Kuchibhatla Satyanarayana V N T, Karakoti Ajay S, Vasdekis Andreas E, Windisch Charles F, Seal Sudipta, Thevuthasan S, Baer Donald R
Environmental and Molecular Sciences Laboratory, Pacific Northwest National Laboratory, Richland, WA-99354, USA.
School of Engineering and Applied Science, Division of Biological and Life Sciences, School of Arts and Sciences, Ahmedabad University, Ahmedabad, Gujarat - 380009, India.
J Mater Res. 2019 Feb;34(3):465-473. doi: 10.1557/jmr.2018.490. Epub 2019 Feb 1.
Cerium oxide Nanoparticles (CNPs) are of significant interest to the scientific community due to their wide spread applications in a variety of fields.

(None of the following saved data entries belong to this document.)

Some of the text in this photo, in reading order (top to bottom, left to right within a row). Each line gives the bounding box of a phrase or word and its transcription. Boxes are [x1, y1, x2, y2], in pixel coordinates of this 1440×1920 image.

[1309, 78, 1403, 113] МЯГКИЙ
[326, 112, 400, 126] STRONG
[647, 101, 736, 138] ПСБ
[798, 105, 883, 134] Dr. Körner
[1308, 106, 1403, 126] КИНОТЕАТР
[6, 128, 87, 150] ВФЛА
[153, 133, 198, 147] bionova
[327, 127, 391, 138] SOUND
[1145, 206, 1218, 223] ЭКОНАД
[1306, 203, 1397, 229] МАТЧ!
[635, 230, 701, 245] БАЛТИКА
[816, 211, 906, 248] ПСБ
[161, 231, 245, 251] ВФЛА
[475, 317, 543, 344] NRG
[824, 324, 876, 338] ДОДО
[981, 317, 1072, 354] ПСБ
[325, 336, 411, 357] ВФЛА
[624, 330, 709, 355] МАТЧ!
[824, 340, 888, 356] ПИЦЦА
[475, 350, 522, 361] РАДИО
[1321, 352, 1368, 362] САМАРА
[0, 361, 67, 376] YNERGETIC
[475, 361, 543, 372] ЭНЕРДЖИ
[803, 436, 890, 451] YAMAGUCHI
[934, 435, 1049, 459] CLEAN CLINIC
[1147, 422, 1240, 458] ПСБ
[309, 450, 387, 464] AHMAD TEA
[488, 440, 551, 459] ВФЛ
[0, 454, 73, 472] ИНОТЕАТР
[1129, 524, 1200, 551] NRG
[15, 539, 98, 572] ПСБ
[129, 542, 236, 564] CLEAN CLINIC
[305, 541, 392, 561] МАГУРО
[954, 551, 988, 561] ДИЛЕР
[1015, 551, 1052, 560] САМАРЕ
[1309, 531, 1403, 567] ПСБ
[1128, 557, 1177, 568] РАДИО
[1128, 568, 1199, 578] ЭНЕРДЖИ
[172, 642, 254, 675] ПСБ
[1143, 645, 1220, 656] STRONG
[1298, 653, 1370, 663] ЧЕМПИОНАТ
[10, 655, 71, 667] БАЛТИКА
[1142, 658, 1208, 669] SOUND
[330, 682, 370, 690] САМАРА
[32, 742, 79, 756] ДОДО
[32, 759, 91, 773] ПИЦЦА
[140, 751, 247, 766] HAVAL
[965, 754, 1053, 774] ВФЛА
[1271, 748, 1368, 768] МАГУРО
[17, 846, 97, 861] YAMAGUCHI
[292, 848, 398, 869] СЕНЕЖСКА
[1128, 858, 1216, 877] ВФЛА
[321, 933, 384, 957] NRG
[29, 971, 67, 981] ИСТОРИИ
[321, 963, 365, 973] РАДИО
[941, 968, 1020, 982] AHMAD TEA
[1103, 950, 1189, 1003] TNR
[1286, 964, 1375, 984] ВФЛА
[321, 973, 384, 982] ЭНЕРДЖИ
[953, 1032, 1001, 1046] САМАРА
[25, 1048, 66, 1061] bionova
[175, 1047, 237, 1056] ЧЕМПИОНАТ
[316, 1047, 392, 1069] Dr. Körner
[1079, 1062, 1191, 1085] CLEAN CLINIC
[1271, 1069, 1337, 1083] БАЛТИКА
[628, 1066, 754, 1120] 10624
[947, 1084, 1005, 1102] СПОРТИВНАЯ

It is proposed that size dependent variations in the extent of Ce3+ and Ce4+ oxidation states of cerium in CNPs determines the performance of CNPs in application environments. To obtain greater molecular and structural understanding of chemical state transformations previously reported for ceria ≈ 3 nm nanoparticles (CNPs) in response to changing ambient conditions, microXRD and Raman measurements were carried out for various solution conditions. The particles were observed to undergo a reversible transformation from a defective ceria structure to a non-ceria amorphous oxy-hydroxide/peroxide phase in response to the addition of 30% hydrogen peroxide. For CNPs made up of ~8 nm crystallites, a partial transformation was observed and no transformation was observed for CNPs made up of ~ 40 nm crystallites. This observation of differences in size dependent transition behavior may help explain the benefits of using smaller CNPs in applications requiring regenerative behavior.
氧化铈纳米颗粒(CNPs)因其在各种领域的广泛应用而受到科学界的极大关注。有人提出,CNPs中铈的Ce3+和Ce4+氧化态程度的尺寸依赖性变化决定了CNPs在应用环境中的性能。为了更深入地从分子和结构层面理解先前报道的约3纳米氧化铈纳米颗粒(CNPs)在环境条件变化时的化学状态转变,对各种溶液条件进行了微XRD和拉曼测量。观察到这些颗粒在加入30%过氧化氢后会从有缺陷的氧化铈结构可逆转变为非氧化铈无定形羟基氧化物/过氧化物相。对于由约8纳米微晶组成的CNPs,观察到了部分转变,而对于由约40纳米微晶组成的CNPs则未观察到转变。这种尺寸依赖性转变行为差异的观察结果可能有助于解释在需要再生行为的应用中使用较小CNPs的好处。